—Os confieso que estoy tan manoseado, tan traído, tan cansado, tan sin sueño y tan con hambre, tan calado y tan frío, tan asendereado y lastimoso, que no tengo memoria, ni siento más que los huesos que me duelen, las ropas que me mojan, los ojos que se me cierran, el estómago que pide más que cien frailes, y los pies que me chillan. Esto sin contar la cabeza, que se me anda. Si mi amigo Miguel de Cervantes viviese, juro á Dios, que al ver lo que me pasa, había de escribir un libro intitulado «Trabajos de don Francisco», que le había de dar más fama que el Ingenioso Hidalgo.

—Sin embargo, noto que no se os ha cansado la lengua.

—¡Ah, lengua mía! quemarála yo, si no me doliera, para que no tuviese que hacerme arrepentir.

—¡Ah! conocéis que habéis hablado mal—dijo la Dorotea sentándose—, y que vuestras malas palabras han hecho mucho daño.
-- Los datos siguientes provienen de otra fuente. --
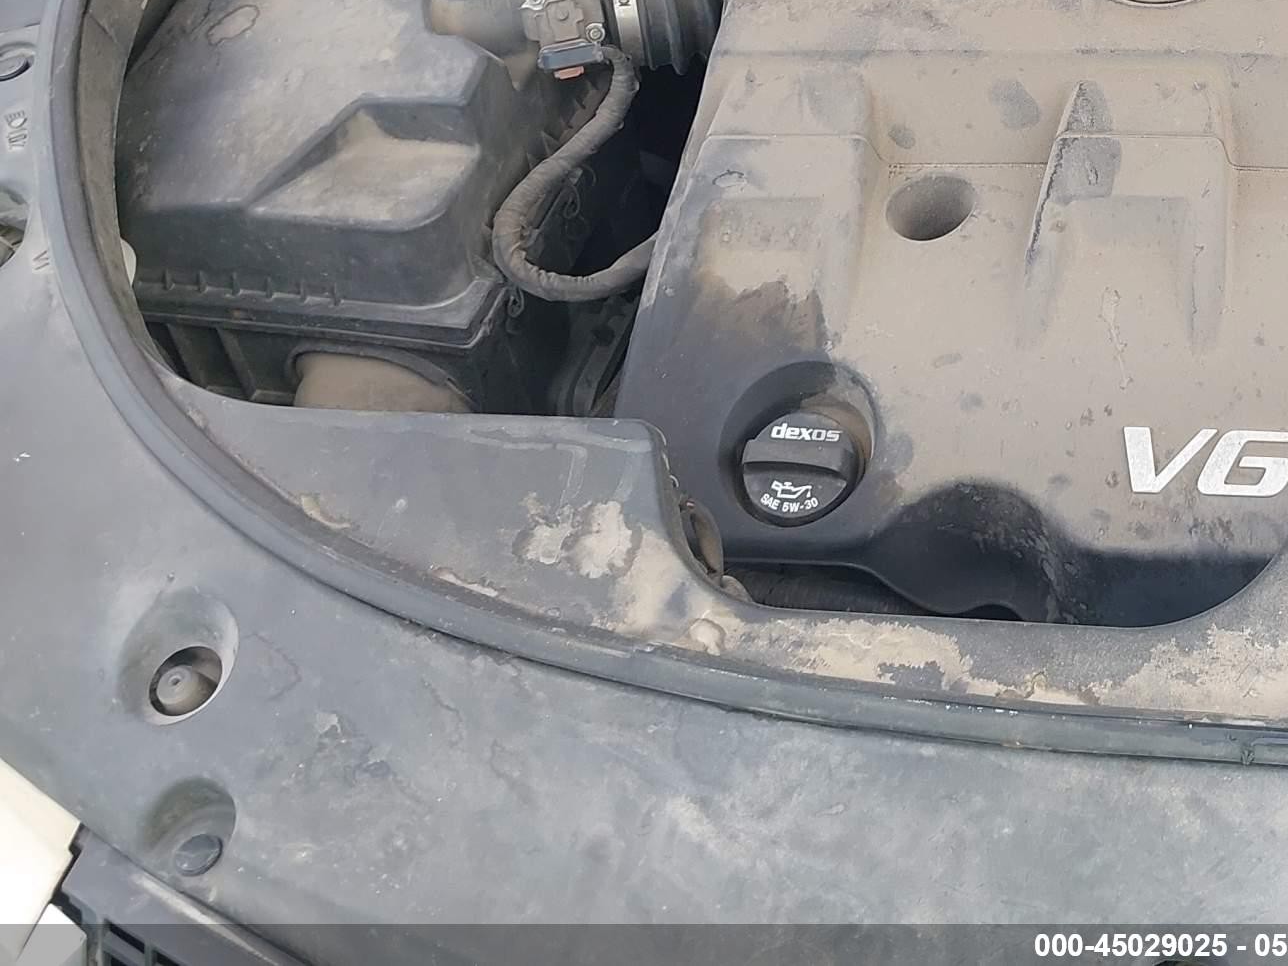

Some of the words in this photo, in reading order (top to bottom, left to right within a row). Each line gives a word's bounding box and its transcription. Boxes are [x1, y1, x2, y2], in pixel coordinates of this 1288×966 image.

[771, 423, 843, 442] dexos
[760, 493, 779, 510] SAE
[782, 497, 819, 513] 5W-30
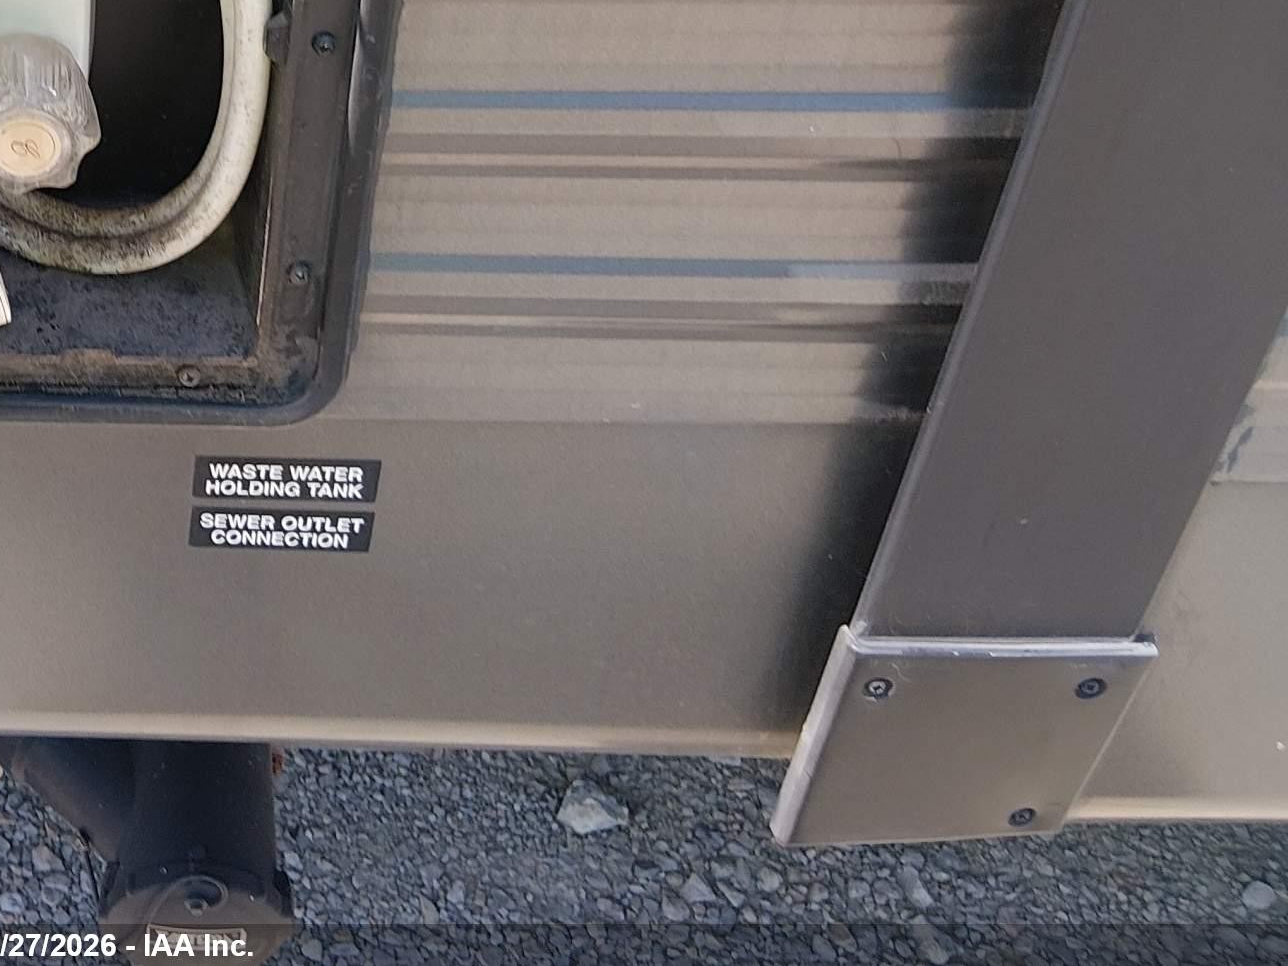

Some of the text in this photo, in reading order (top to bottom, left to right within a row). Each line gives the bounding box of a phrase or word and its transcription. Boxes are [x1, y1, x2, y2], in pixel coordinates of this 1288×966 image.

[209, 463, 364, 483] WASTE WATER
[205, 480, 363, 499] HOLDING TANK
[199, 512, 365, 534] SEWER OUTLET
[210, 529, 348, 549] CONNECTION
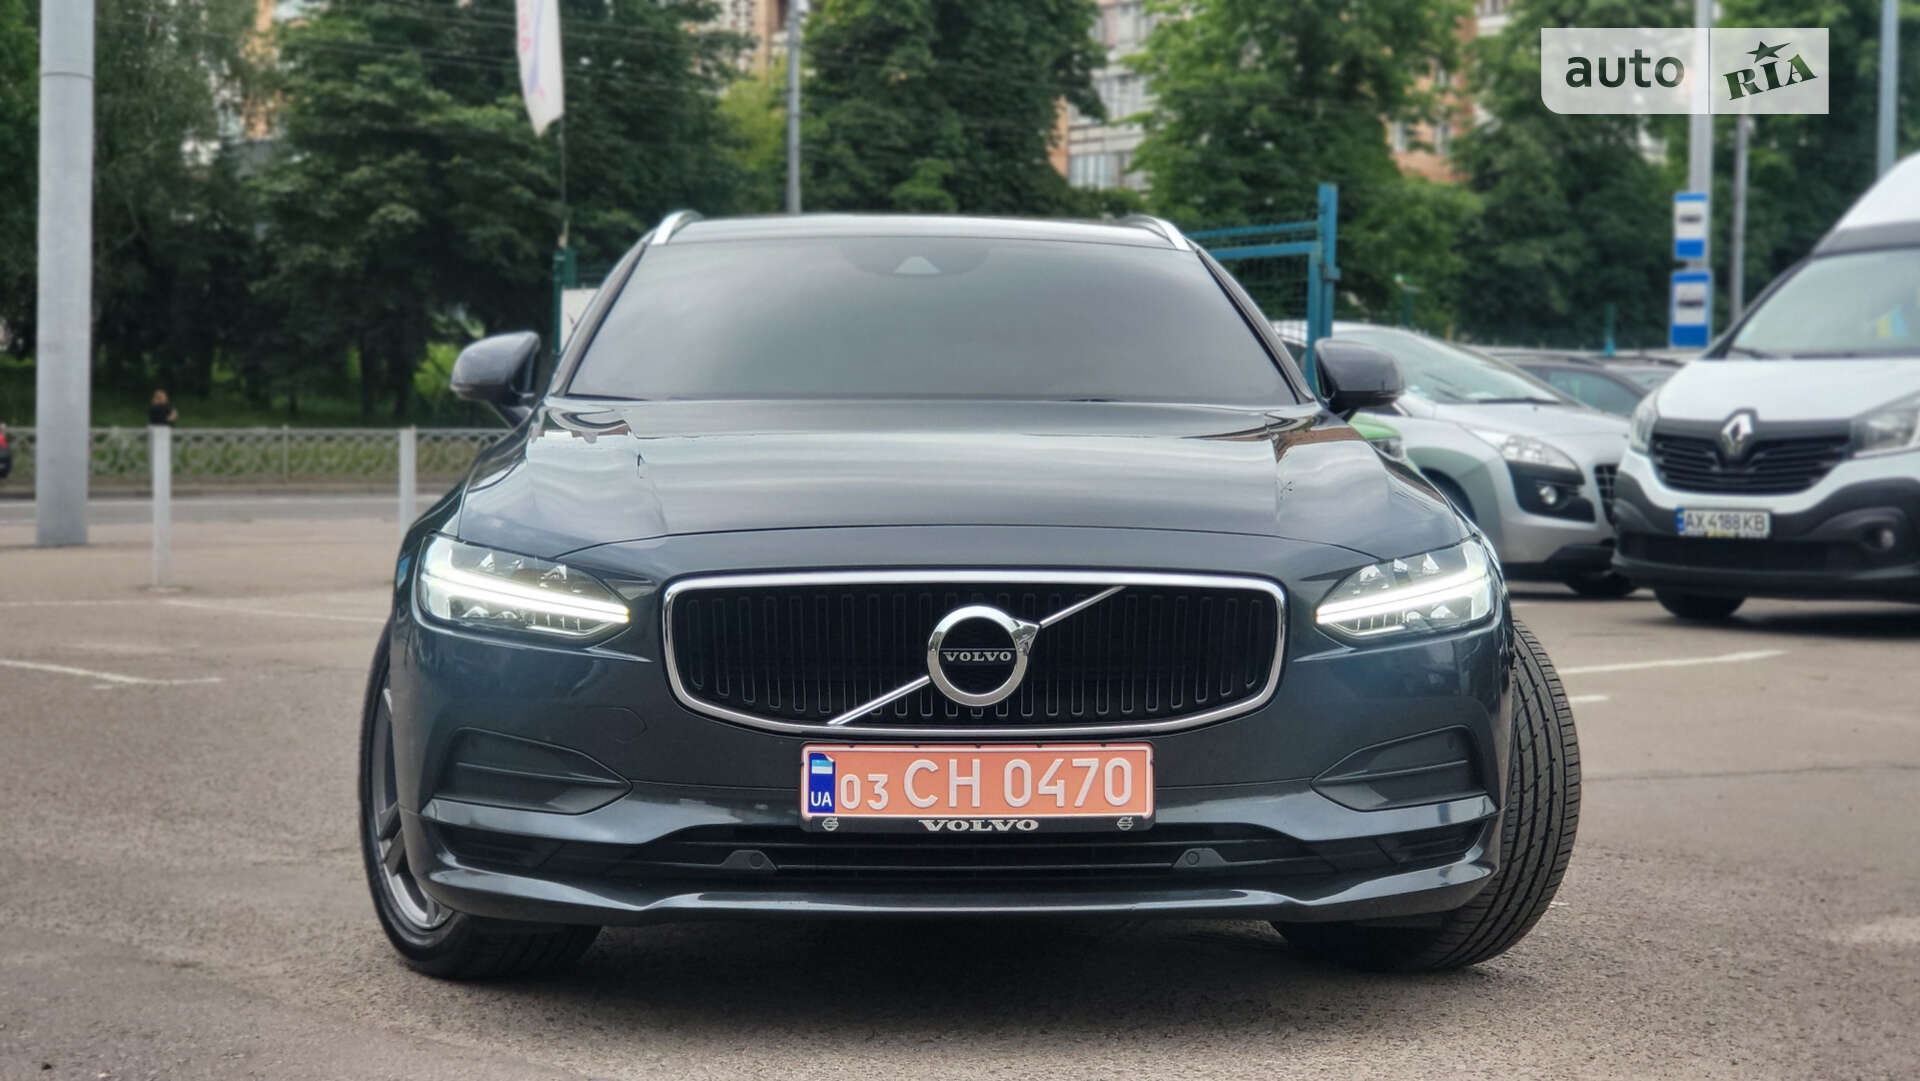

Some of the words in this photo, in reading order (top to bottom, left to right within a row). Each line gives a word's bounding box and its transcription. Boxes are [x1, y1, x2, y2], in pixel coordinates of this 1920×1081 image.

[943, 651, 1012, 662] VOLVO
[840, 773, 889, 810] 03
[903, 758, 981, 808] CH
[1003, 757, 1133, 808] 0470
[810, 790, 833, 807] UA
[918, 819, 1040, 832] VOLVO
—¿Y quién había de creer que ese don Juan era un milagro y una fortuna insolente? ¿Quién había de esperar lo que ha sucedido? Cuando os digo que estoy atónito, y espantado y medroso, y que de mí mismo recelo, y que ya no sé qué decir, ni qué pensar, ni por dónde salir...

—Menos lo sé yo.

—¿Sabéis las novedades que han ocurrido?

—Sé que es hijo del duque de Osuna y que se ha casado.

—¿Quién os lo ha dicho?

—¡El mismo!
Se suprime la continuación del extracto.